If you want structured support working through past papers alongside your other qualifications, whether that is A-levels, the IB, or another curriculum, the Acolyte Living TMUA preparation resources are a practical starting point alongside the official Cambridge Assessment materials.
Final Thoughts
The TMUA is one of the more transparent parts of a UK university application. Your score is a number, and admissions teams use it with more consistency than they apply to personal statements or predicted grades. That holds whether you are a home student sitting the test in Manchester or an international student taking it at a centre in Mumbai, Singapore, or Lagos.
Understanding the grade boundaries from 2022, 2023, and 2024 gives you a realistic picture of where strong performance sits. A score above 6.5 is your first target. Above 7.0 is where applications start to look genuinely competitive at the most selective institutions.
The TMUA rewards preparation more than raw talent. The patterns in the questions are learnable, and the scaling system means a harder paper will not unfairly penalise you if you have prepared properly.
If you are building your UK application strategy and want guidance on balancing TMUA preparation with your other qualifications, personal statement, and admissions timeline, explore the Acolyte Living student resources section for practical advice written with both home and international applicants in mind.
FAQs
What is the TMUA and which universities require it?
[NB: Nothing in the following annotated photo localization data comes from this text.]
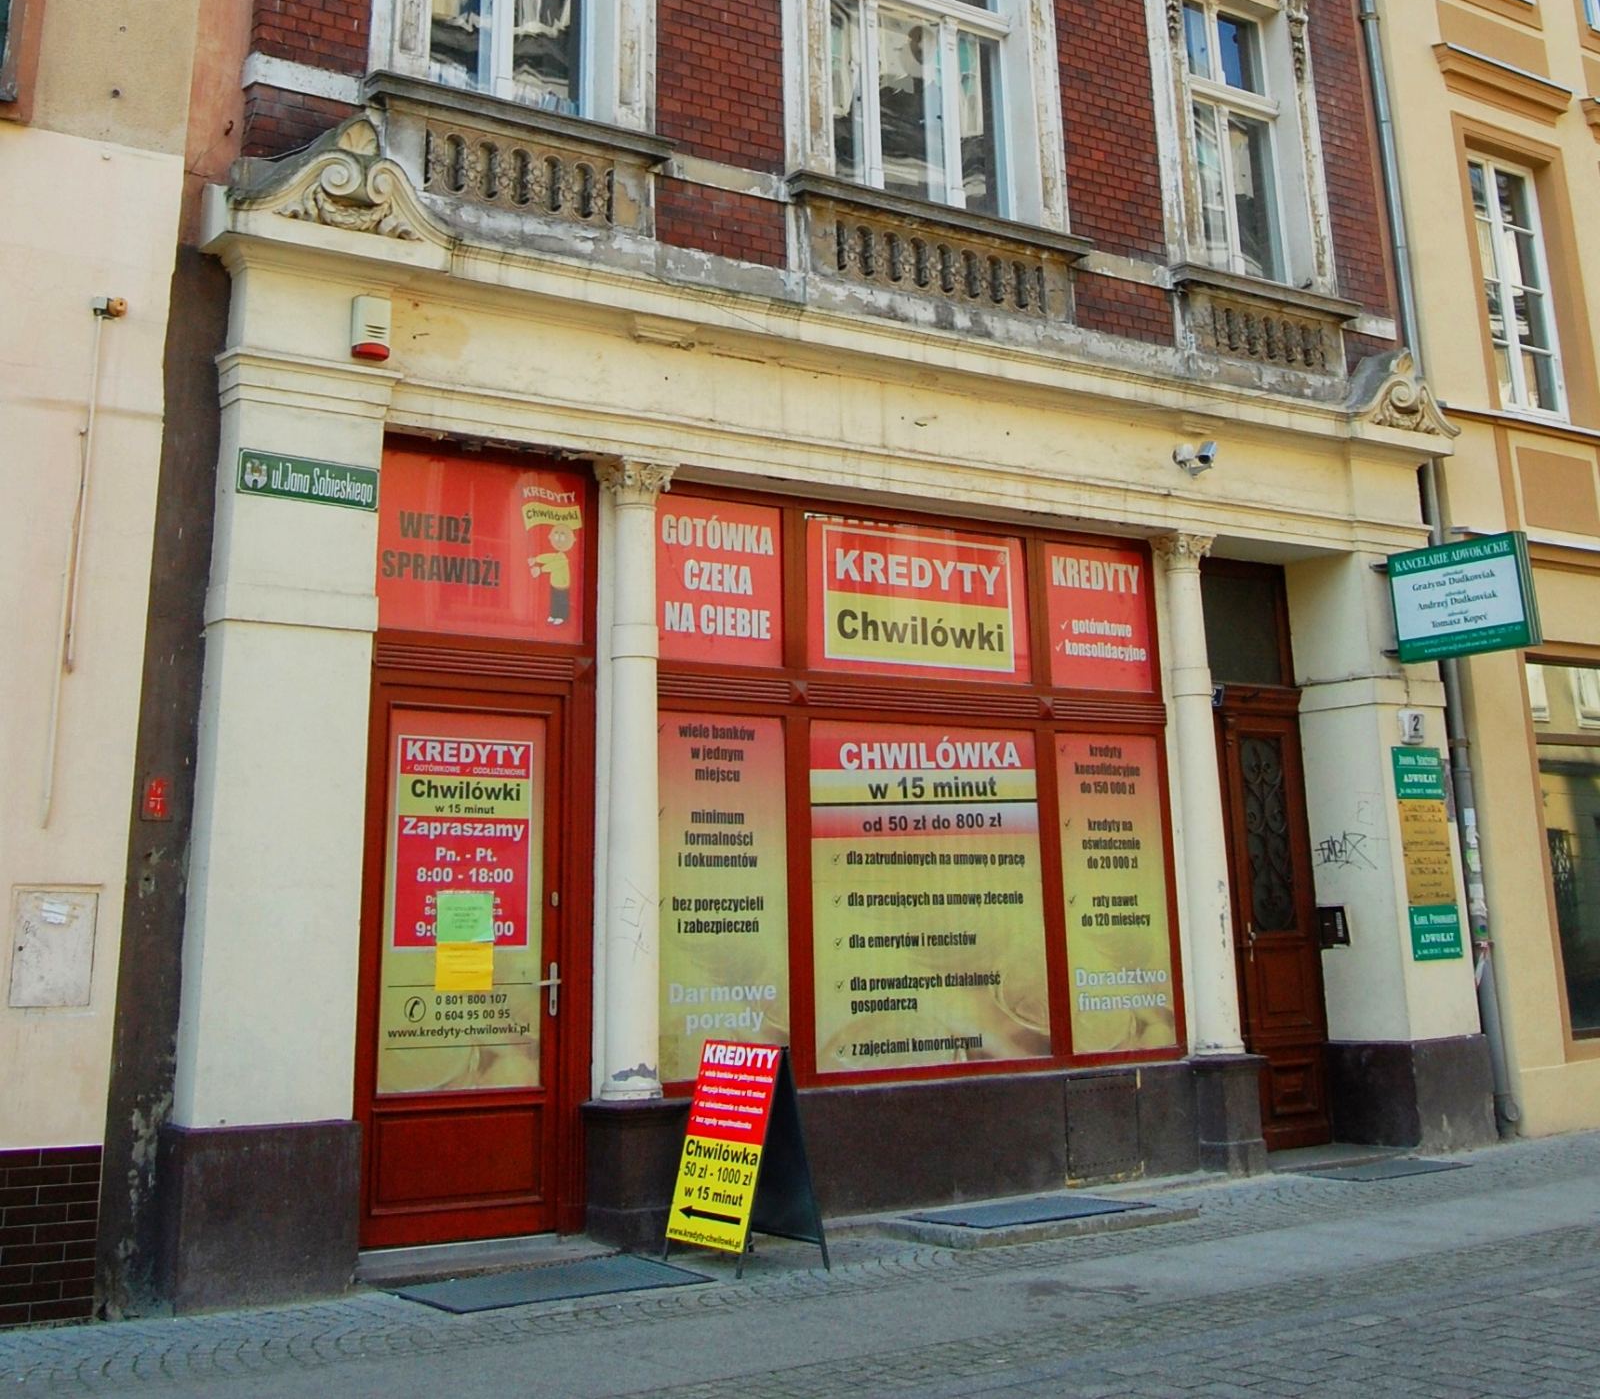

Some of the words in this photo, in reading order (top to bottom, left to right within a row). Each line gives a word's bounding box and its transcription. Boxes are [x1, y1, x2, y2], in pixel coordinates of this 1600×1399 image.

[312, 467, 373, 505] Sobieskiego
[523, 486, 576, 503] KREDYTY
[400, 511, 472, 544] WEJDŹ
[662, 514, 774, 556] GOTÓWKA
[1394, 553, 1449, 573] KANCELARIE
[1451, 540, 1510, 562] ADWOKACKIE
[382, 550, 500, 587] SPRAWDŹ!
[684, 559, 753, 595] CZEKA
[835, 548, 1000, 596] KREDYTY
[1051, 555, 1139, 595] KREDYTY
[1417, 598, 1449, 611] Andrzej
[665, 601, 696, 633] NA
[700, 604, 771, 640] CIEBIE
[1072, 618, 1132, 638] gotówkowe
[1431, 616, 1461, 629] Tomasz
[837, 609, 1004, 652] Chwilówki
[1065, 639, 1147, 661] konsolidacyjne
[679, 723, 710, 739] wiele
[712, 725, 755, 741] banków
[1412, 715, 1420, 732] 2
[406, 740, 525, 765] KREDYTY
[691, 747, 700, 759] w
[702, 745, 744, 762] jednym
[839, 736, 1022, 770] CHWILÓWKA
[1089, 744, 1122, 759] kredyty
[695, 767, 740, 783] miejscu
[1074, 762, 1141, 777] konsolidacyjne
[411, 779, 520, 801] Chwilówki
[868, 783, 888, 799] w
[897, 776, 925, 799] 15
[932, 776, 997, 798] minut
[1080, 782, 1091, 793] do
[1093, 782, 1108, 794] 150
[1110, 782, 1126, 794] 000
[1128, 783, 1135, 795] zł
[435, 805, 445, 813] w
[448, 804, 461, 813] 15
[464, 804, 495, 814] minut
[691, 809, 744, 825] minimum
[402, 817, 525, 842] Zapraszamy
[863, 817, 882, 832] od
[888, 816, 908, 831] 50
[913, 815, 926, 830] zł
[932, 814, 950, 830] do
[956, 813, 984, 829] 800
[989, 812, 1002, 827] zł
[1088, 818, 1120, 832] kredyty
[1122, 820, 1133, 831] na
[685, 830, 753, 846] formalności
[1082, 837, 1141, 850] oświadczenie
[436, 847, 460, 861] Pn.
[476, 848, 497, 862] Pt.
[684, 852, 758, 868] dokumentów
[846, 851, 863, 865] dla
[865, 850, 937, 867] zatrudnionych
[939, 853, 951, 865] na
[953, 853, 989, 867] umowę
[990, 853, 996, 865] o
[998, 853, 1025, 868] pracę
[1087, 856, 1098, 869] do
[1100, 856, 1111, 869] 20
[1113, 856, 1129, 869] 000
[1131, 856, 1138, 869] zł
[416, 867, 453, 882] 8:00
[469, 868, 513, 882] 18:00
[672, 897, 691, 911] bez
[694, 896, 763, 914] poręczycieli
[848, 892, 865, 907] dla
[866, 892, 930, 909] pracujących
[932, 893, 945, 906] na
[946, 893, 982, 908] umowę
[983, 891, 1024, 905] zlecenie
[1092, 895, 1110, 908] raty
[1111, 894, 1138, 907] nawet
[684, 917, 759, 934] zabezpieczeń
[1081, 913, 1092, 927] do
[1094, 913, 1109, 927] 120
[1111, 913, 1151, 927] miesięcy
[849, 934, 866, 949] dla
[867, 933, 919, 949] emerytów
[927, 931, 977, 947] rencistów
[850, 976, 866, 991] dla
[869, 974, 942, 992] prowadzących
[944, 971, 1001, 988] działalność
[1075, 967, 1167, 987] Doradztwo
[435, 995, 442, 1005] 0
[445, 995, 463, 1005] 801
[468, 995, 486, 1004] 800
[490, 994, 508, 1004] 107
[669, 983, 777, 1004] Darmowe
[1078, 992, 1167, 1011] finansowe
[435, 1011, 441, 1020] 0
[445, 1011, 464, 1020] 604
[467, 1010, 479, 1020] 95
[483, 1009, 495, 1019] 00
[498, 1009, 510, 1019] 95
[851, 997, 918, 1014] gospodarczą
[686, 1008, 764, 1035] porady
[388, 1024, 530, 1038] www.kredyty-chwilowki.pl
[852, 1043, 856, 1056] z
[859, 1038, 909, 1057] zajęciami
[911, 1033, 983, 1053] komorniczymi
[703, 1043, 779, 1069] KREDYTY
[686, 1139, 759, 1166] Chwilówka
[684, 1161, 696, 1176] 50
[698, 1164, 708, 1179] zł
[718, 1167, 740, 1184] 1000
[742, 1172, 753, 1186] zł
[684, 1186, 694, 1198] w
[697, 1186, 710, 1201] 15
[712, 1190, 743, 1207] minut
Covers the basics of the test, its purpose, and the list of participating universities. High search intent from applicants who are just starting their research.
What is a good TMUA score?
The single most asked question after results are released. Targets both first-time sitters planning their prep and students who have received their scores and want to know where they stand.
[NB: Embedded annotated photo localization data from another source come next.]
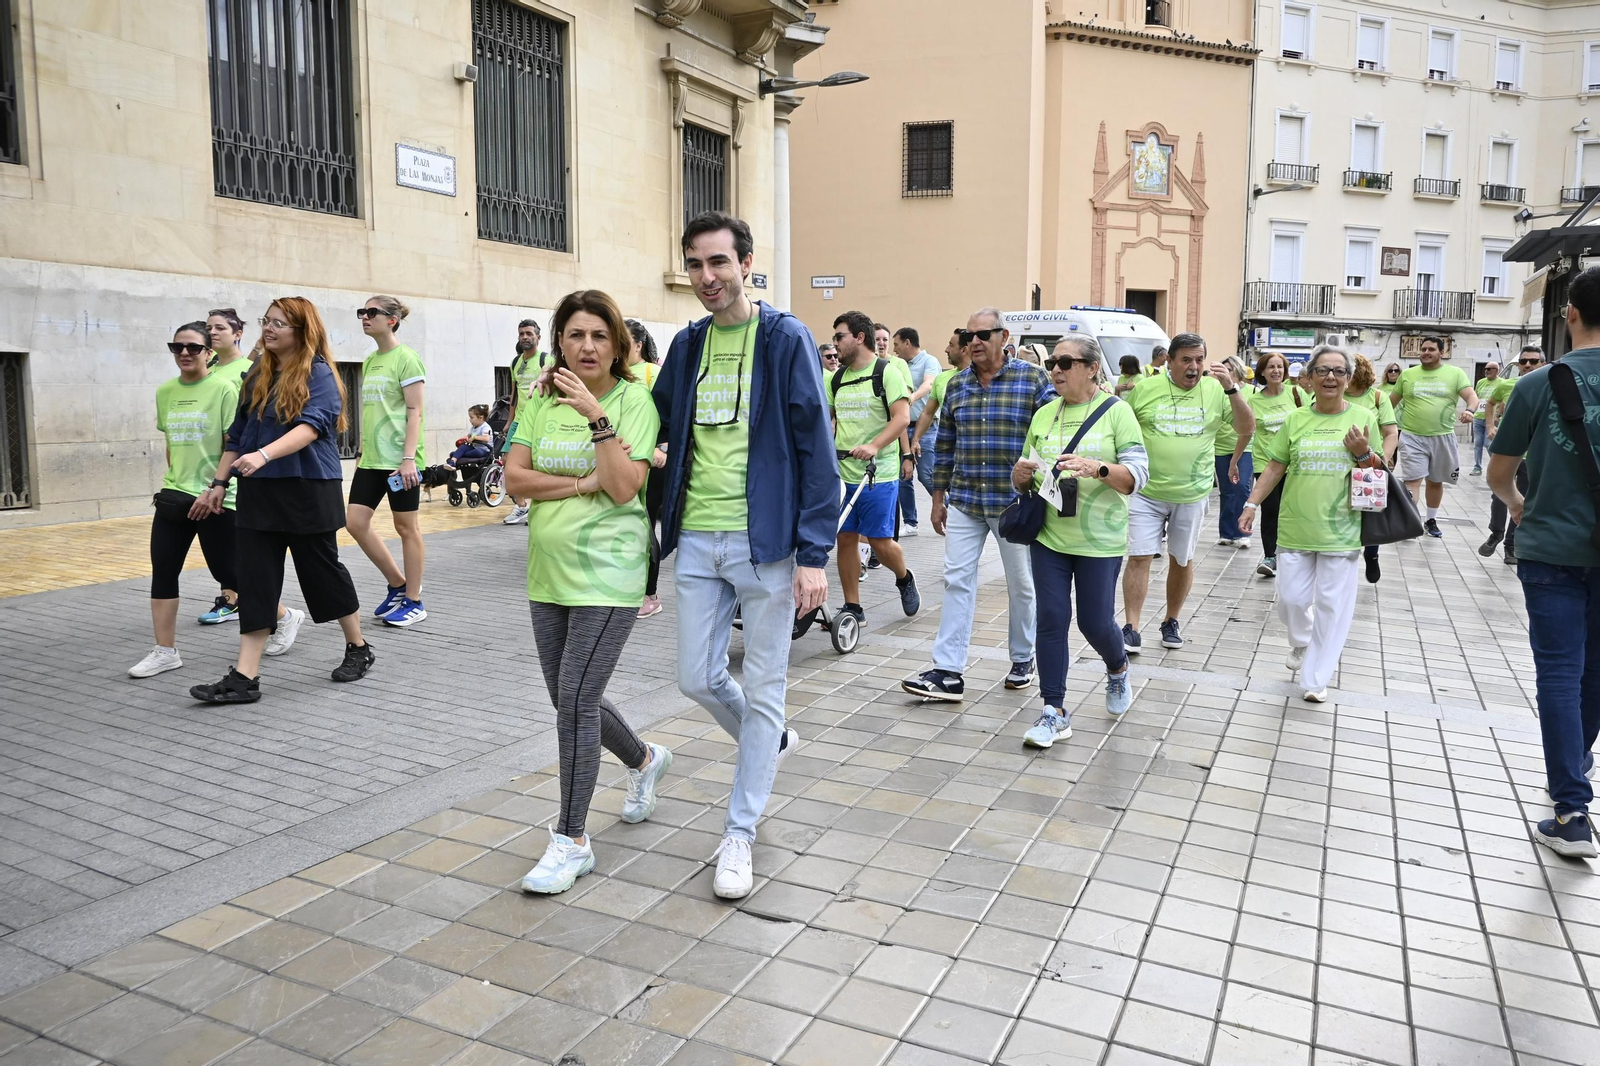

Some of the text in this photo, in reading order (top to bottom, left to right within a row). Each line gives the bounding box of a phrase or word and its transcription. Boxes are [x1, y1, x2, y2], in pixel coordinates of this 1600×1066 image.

[413, 155, 430, 168] PLAZA
[400, 167, 407, 177] DE
[408, 168, 420, 179] LAS
[1003, 313, 1069, 322] ECCION CIVIL
[714, 370, 752, 385] march
[835, 399, 869, 408] contra el
[695, 404, 750, 423] cáne
[836, 407, 871, 419] cáncer
[166, 420, 205, 430] contra el
[540, 437, 596, 451] En marc
[1087, 440, 1102, 452] el
[1300, 438, 1312, 447] En
[1299, 449, 1339, 458] contra
[537, 454, 589, 469] contra
[1300, 458, 1351, 472] cáncer
How is the TMUA scored and what do the grade boundaries mean?
Addresses the confusion around raw marks vs scaled scores and why the same raw mark can mean different things in different years.
Can international students sit the TMUA, and does it affect their application differently?
High demand from non-UK applicants who are unsure whether the test applies to them and whether they are judged on the same scale as home students.
How should I prepare for the TMUA, and how long does preparation take? Practical prep question with strong evergreen search volume. Students typically ask this 3 to 6 months before their sitting date.
What happens if I get a low TMUA score? Should I still submit it?
Asked most heavily in November and December after results are released. Targets students deciding whether to include a weak score in their UCAS application before the January deadline.